The statues of musicians on an outside staircase at Four Seasons Hotel Marrakech make a gal smile, which you need from time to time when trying to find your way around a four-floor straight building with two arms coming out along one side.
To get from room 321 to the gyms (there are two) you take one walkway, go down two flights of stone stairs, turn right and right and right again, find yourself outside and go left and left and left again. Phew. After such an exercise you barely need the struggle of the wave machine – better to stay ‘home’ and do more stair climbing.
This is a gracious hotel, sand-coloured and deliberately minimal, with discreet signage and strategic local photographs as decoration.There is warmth, thanks to designers GA International, via the working fireplaces in the front lobby and in the sand-light library that beckons with a cleverly chosen selection of hard-back tomes of Morocco, Berber culture, the Medina and so much else.
A gal could while away many hours here, reading and so on. But the outside, a 30-acre oasis of mature palms and lush greenery, and two pools (one adult-only), and two clay tennis courts…. oh so much to do. In summer there is even a rooftop bar, and of course the spa.

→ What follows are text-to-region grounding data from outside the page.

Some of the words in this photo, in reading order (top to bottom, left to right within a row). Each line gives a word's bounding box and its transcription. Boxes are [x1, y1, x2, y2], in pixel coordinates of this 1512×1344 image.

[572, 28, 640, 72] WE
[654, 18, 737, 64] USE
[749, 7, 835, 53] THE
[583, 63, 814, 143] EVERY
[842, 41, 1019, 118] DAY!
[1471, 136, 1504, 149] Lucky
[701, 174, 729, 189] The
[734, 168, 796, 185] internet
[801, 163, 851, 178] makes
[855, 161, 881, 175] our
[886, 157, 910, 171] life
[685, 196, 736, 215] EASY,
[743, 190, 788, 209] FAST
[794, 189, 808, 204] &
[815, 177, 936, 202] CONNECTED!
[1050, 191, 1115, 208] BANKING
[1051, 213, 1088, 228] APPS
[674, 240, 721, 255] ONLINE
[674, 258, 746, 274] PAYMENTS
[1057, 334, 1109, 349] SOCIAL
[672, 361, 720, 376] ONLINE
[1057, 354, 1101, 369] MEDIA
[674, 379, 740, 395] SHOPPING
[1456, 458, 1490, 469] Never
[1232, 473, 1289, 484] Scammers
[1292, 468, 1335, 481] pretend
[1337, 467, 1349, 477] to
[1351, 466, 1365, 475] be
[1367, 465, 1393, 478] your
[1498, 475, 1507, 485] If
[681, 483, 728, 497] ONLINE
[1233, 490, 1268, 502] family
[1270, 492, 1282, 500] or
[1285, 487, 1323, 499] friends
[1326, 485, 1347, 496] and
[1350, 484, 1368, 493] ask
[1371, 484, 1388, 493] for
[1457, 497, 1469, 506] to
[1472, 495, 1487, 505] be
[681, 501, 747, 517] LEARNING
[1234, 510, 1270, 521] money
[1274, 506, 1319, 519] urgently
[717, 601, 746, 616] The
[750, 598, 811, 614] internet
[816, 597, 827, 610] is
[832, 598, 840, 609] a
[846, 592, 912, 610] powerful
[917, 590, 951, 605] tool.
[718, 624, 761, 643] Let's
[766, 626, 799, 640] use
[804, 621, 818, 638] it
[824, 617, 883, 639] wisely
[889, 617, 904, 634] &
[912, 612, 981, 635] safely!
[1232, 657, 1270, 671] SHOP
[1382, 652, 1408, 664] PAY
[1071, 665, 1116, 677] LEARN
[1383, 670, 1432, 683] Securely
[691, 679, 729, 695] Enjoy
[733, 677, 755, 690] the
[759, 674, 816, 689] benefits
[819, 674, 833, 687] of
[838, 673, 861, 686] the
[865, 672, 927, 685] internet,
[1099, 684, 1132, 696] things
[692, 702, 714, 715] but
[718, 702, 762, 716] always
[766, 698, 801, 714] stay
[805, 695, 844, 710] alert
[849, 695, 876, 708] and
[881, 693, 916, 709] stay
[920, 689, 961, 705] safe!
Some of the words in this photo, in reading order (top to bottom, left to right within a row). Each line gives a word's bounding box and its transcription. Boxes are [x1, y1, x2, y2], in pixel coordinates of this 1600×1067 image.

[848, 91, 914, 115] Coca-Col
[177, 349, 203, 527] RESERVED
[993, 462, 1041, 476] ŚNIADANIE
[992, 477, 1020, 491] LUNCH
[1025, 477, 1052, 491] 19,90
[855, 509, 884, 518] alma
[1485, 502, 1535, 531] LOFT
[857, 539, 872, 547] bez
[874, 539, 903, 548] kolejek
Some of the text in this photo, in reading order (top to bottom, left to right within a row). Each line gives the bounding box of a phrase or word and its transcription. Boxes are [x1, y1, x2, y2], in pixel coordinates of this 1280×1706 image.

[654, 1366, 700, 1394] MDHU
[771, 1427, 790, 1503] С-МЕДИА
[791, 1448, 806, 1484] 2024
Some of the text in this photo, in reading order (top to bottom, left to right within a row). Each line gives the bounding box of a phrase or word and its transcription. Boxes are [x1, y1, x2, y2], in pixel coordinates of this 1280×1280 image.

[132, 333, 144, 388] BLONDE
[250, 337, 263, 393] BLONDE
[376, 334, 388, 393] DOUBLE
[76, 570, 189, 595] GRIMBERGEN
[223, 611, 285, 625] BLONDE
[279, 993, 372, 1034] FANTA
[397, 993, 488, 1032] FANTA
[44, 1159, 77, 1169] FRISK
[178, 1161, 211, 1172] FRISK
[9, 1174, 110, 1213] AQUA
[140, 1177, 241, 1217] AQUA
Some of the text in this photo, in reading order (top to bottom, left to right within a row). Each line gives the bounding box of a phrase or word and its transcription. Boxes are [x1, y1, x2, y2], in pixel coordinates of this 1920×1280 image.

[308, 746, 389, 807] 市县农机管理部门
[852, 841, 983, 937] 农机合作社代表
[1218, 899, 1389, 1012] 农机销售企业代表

You feel Marrakech today, in this hotel. This is not the claustrophobia and dark colours of yesteryear. This is space and creativity. I opened the big sliding door on to my very-private terrace this morning, before the sun came up, for a few stretches. Later, at dawn, I realised the sand colour of my marble floor and rug matches the ragged walls and leather headboard. I realised, too, what a real ‘soaking’ tub is: my bathtub is almost three feet deep.
You know you are in Marrakech, too, looking at the breakfast buffet in Solano. Red earthenware pots with tall conical lids hold, for instance, flat pancakes, to go with honey. Nearby is a stack of dates. You feel like singing at the array of fruits, including juiciest peaches the size of tennis balls.
Actually the hotel, like Marrakech, is full of music. It is run by Jean-Claude Wietzel, who as a young boy in Nice studied the piano for nine years at Nice Music Conservatory (since he also played golf and tennis, and ran, and kicked balls around and windsurfed and skied, one wonders how he had time to study proper things). He still loves to play, but he needs a piano.
And how about the chef! Christophe Gillino, another Frenchman – from Aix en Provence, this time – works professionally as Chris Milano. He is under contract to EMI as a composer, though he does sometime sing, too.
His last album, Sounds from the Desert, inspired by Oriental music he had heard during previous years at the stoves in Four Seasons Hotel Cairo Nile Plaza, was released this June 16th, the very day of the opening of Four Seasons Hotel Marrakech.
Composing music is really not so different from working on menus and creating dishes, Chris says. He wants to indulge the senses. When you get the balance right, the results can be captivating. Look what he does with a beef tartare. As the car pulled away, on departure, I realised there was only one thing missing. That piano.